D. Vaneide avisa à filha, a Terezinha, vendo-a sair da sala pequena, a bolsa escolar presa às costas, a blusa laranja, as calças azuis colantes que lhe modelam o corpo branco, esguio, alto, de autêntica manequim:

- Filha cuidado com a noite. Tem muitos perigos soltos. Quando acabar as aulas, venha logo para casa!

A mocinha sorri (tão feminina, com as covinhas no rosto de traços corretos, bonito) e já abrindo a porta:

- Mamãe tou bem crescidinha. Sei me cuidar. Esfrie a cuca. Tchau!

- Vai com Deus.

Terezinha cruza o jardim pequeno, abre o portão e passa. Fecha-o por fora e desce a rua estreita. Apressada.

A mãe fica no terraço, seguindo-a com os olhos vencer a rua, dobrar a esquina e desaparecer. Com tanta violência na noite e, com esses estupros de meninas encontradas mortas...

- Não, o Pai a protegerá! Pensamento positivo D. Vaneide.
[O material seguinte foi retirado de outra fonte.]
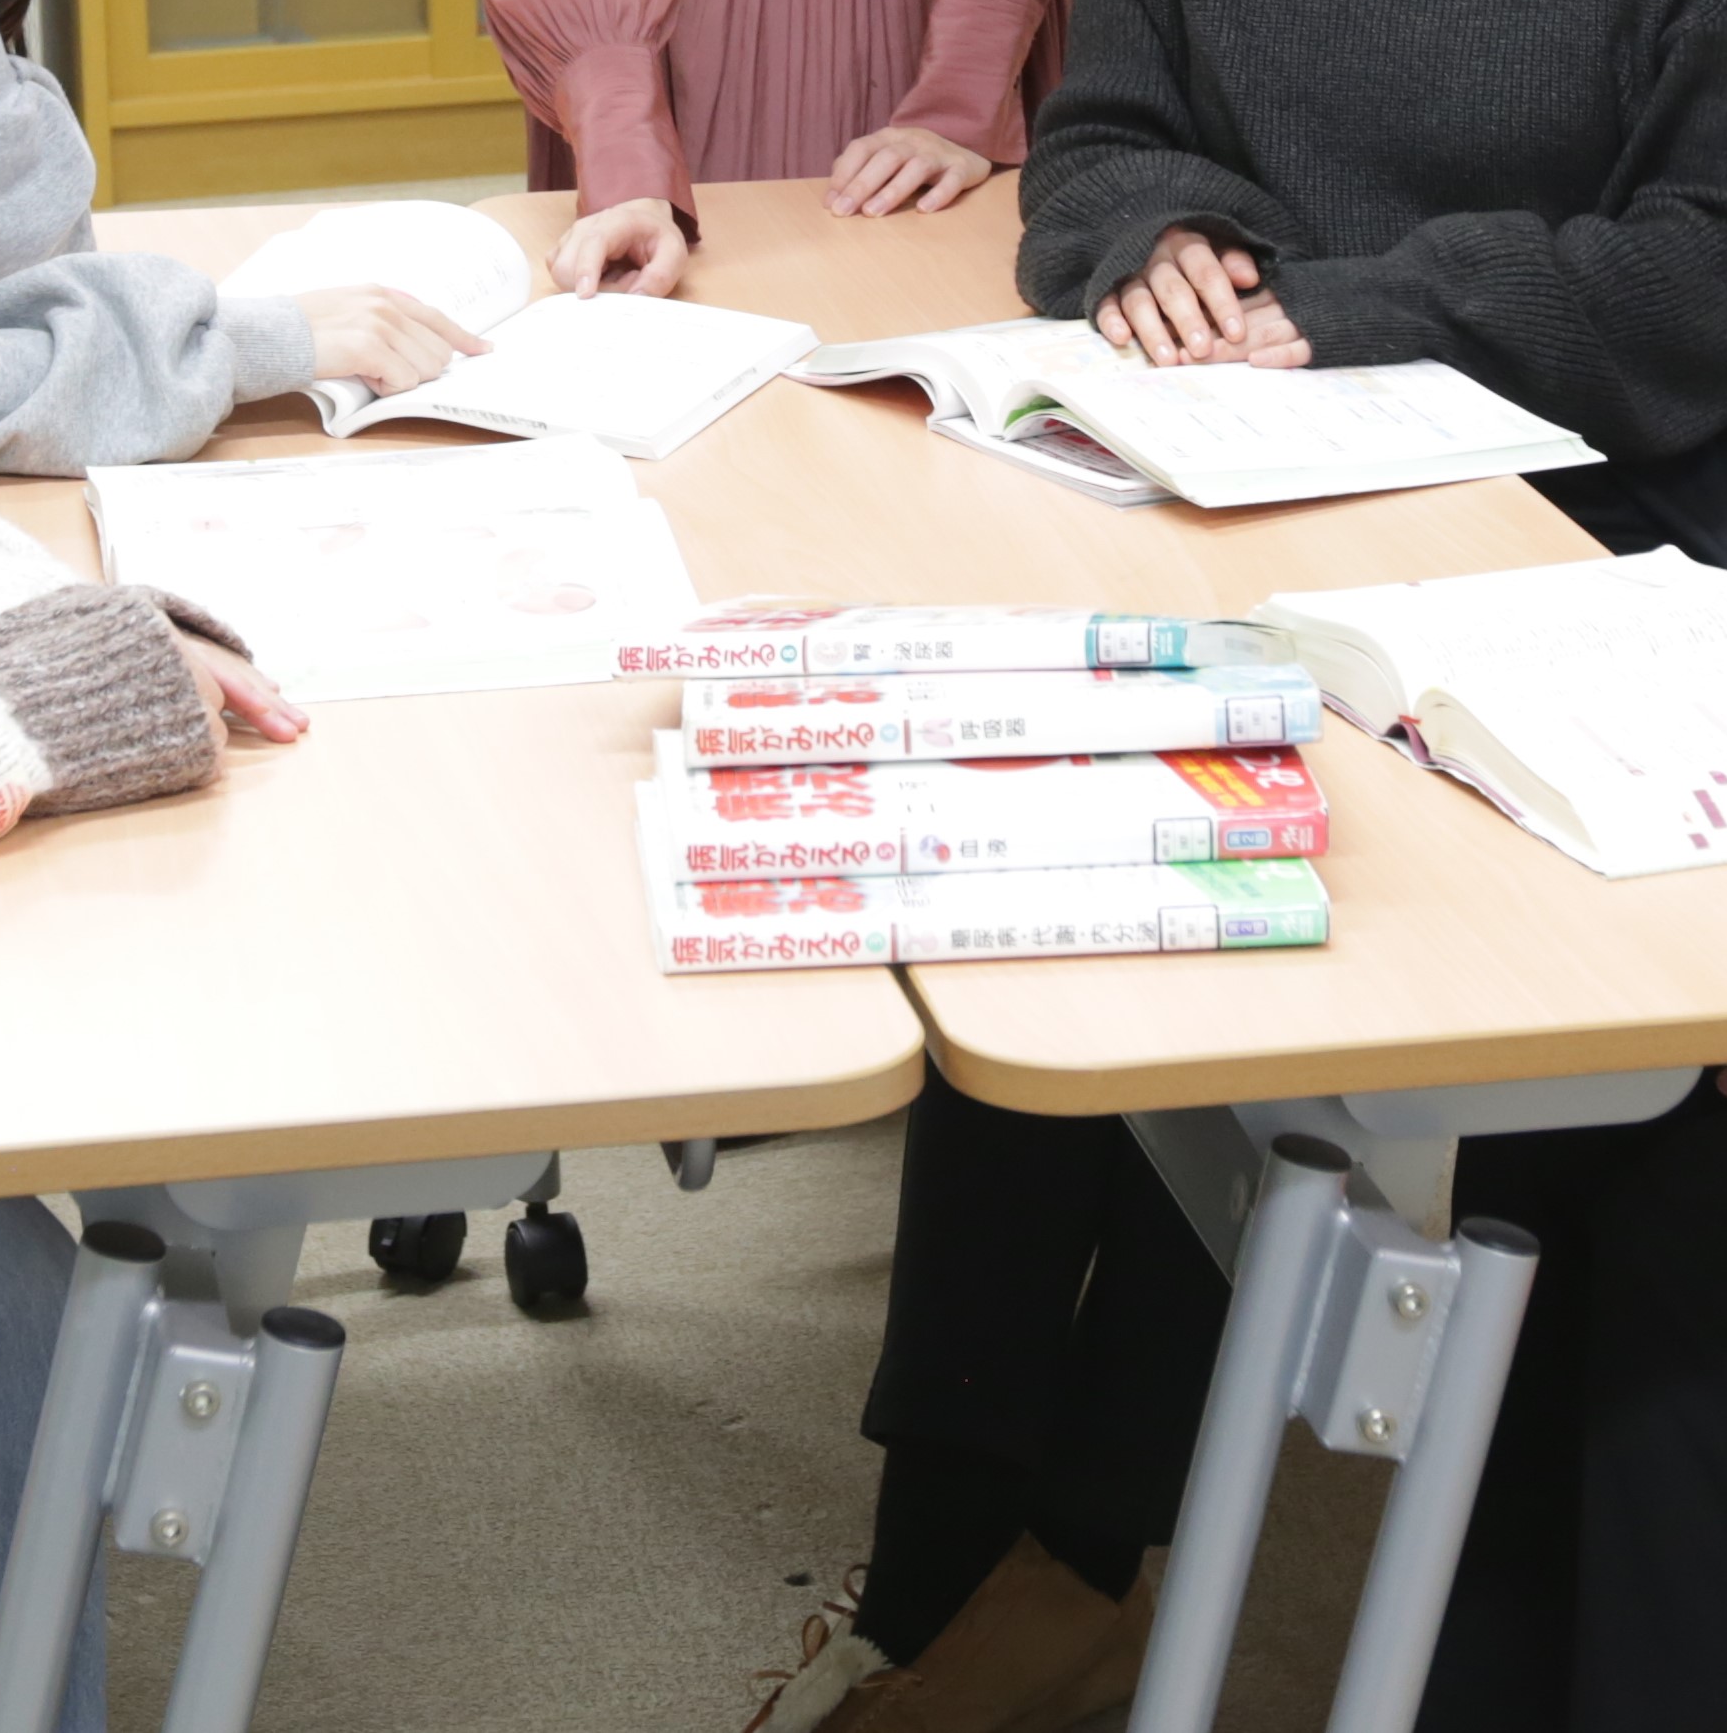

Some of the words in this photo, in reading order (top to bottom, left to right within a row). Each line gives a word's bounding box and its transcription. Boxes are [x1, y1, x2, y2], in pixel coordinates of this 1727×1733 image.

Retrocede a salinha e dessa a cozinha, para lavar a louça do jantar.

De uma residência circunvizinha, uma criança chora. De outra, um cão late. Pela rua vozes de homens falando alto. Por que em bairro pobre é tudo assim aberto, acanalhado?

Sorri e abre a torneira.

3

Emanuel observa o homem moreno, “coroa”, bonito, bem-vestido que mais uma vez chega, após estacionar o automóvel cinza-prateado na calçada oposta.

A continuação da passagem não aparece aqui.